Avatar is the $300-million (or so) new movie from the director of Terminator and Titanic, a futuristic amalgamation of Cameron classic Aliens and Kevin Costner white-man-joins-the-Native-Americans movie Dance With Wolves. It is an American movie transparently critical of the United States of America, one that is simple in both good ways and bad. It is beautiful in ways only good, and, yes, in that roundabout way, it says something about the future of video games.
The movie occurs midway through the 22nd century, as wheelchair-bound grunt Jake Sully (Sam Worthington) assumes the mission of his deceased brother, shipping out across the universe to the planet Pandora, where a private corporation has enlisted both scientists and a private military to help them obtain a nearly priceless element unironically called Unobtainium. The military forces, led by the scarred and scowling Colonel Miles Quaritch (Stephen Lang) itch to clear the planet's best site for mining by blasting away the natvies who live on top of it. These natives are the tall, skinny, blue-skinned cat-like Na'vi, who live in the massive tree on that site and are the visual signature of the film. The scientists, led by Dr. Grace Augustine (Sigourney Weaver) utilize Avatar technology, enabling Augustine, Sully and others to transport their consciousnesses into artificially-created Na'vi bodies and walk among the natives in the hopes of establishing either an economic trade or peaceful motivation for the Na'vi to move.
Early in the film, Sully, in his Na'vi body, is separated from his colleagues, lost to the wild and rescued by a Na'vi chief's daughter, Neytiri (Zoe Saldana). What follows is a film about Sully's education of life amid the Na'vi, the battles that erupt between humans and natives and a crossroads decision about who is right and with which sides the key players will align.
A Beautiful Place: Whether you watch Avatar in digital 3D, as I did, on IMAX or even in the plain old-school way, this is a movie of tropical-vacation beauty. It is an escape, on this planet Pandora, to an imaginative ecology of many-legged horses, helicopter bugs, hammerhead elephants and a variety of magical plant life that is so lovely that the setting alone has motivated me to try the Avatar console game, a game for which no demonstration of gameplay nor review had motivated me to play. If a video game can be my own transport back to this world, I will suffer through the reported mediocrity to see those plants and animals again. This is a dream world and the ultimate Al Gore planet, a combination of a lush green paradise and Internet-like network of natural electricity, a place to which I am eager to return.

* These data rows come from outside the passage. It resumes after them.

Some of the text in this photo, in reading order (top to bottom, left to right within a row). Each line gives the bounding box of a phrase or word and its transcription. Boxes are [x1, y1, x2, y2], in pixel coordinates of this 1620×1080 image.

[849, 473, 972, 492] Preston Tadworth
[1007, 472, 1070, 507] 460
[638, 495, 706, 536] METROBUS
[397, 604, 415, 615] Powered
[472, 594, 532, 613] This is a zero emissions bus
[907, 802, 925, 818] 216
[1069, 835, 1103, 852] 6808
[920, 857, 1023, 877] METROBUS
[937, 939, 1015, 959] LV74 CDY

A Beautiful People: The Na'vi have been created with the reverence many North Americans now have for those tribes that lived between the Atlantic and Pacific before our ancestors and forefathers squeezed them into reservations. (Speaking of which, see our sister site, Io9, for an excellent exploration of the "white guilt" in effect here.) They are also digital marvels, an impossibly lithe but visually believable band of hunters and shamans whose every tradition, from wrangling their versions of horses and hawks to climbing their floating mountains is a thrill to watch. Neytiri indoctrinates Sully into many of the aspects of Na'vi culture, nearly all of them a delight to witness.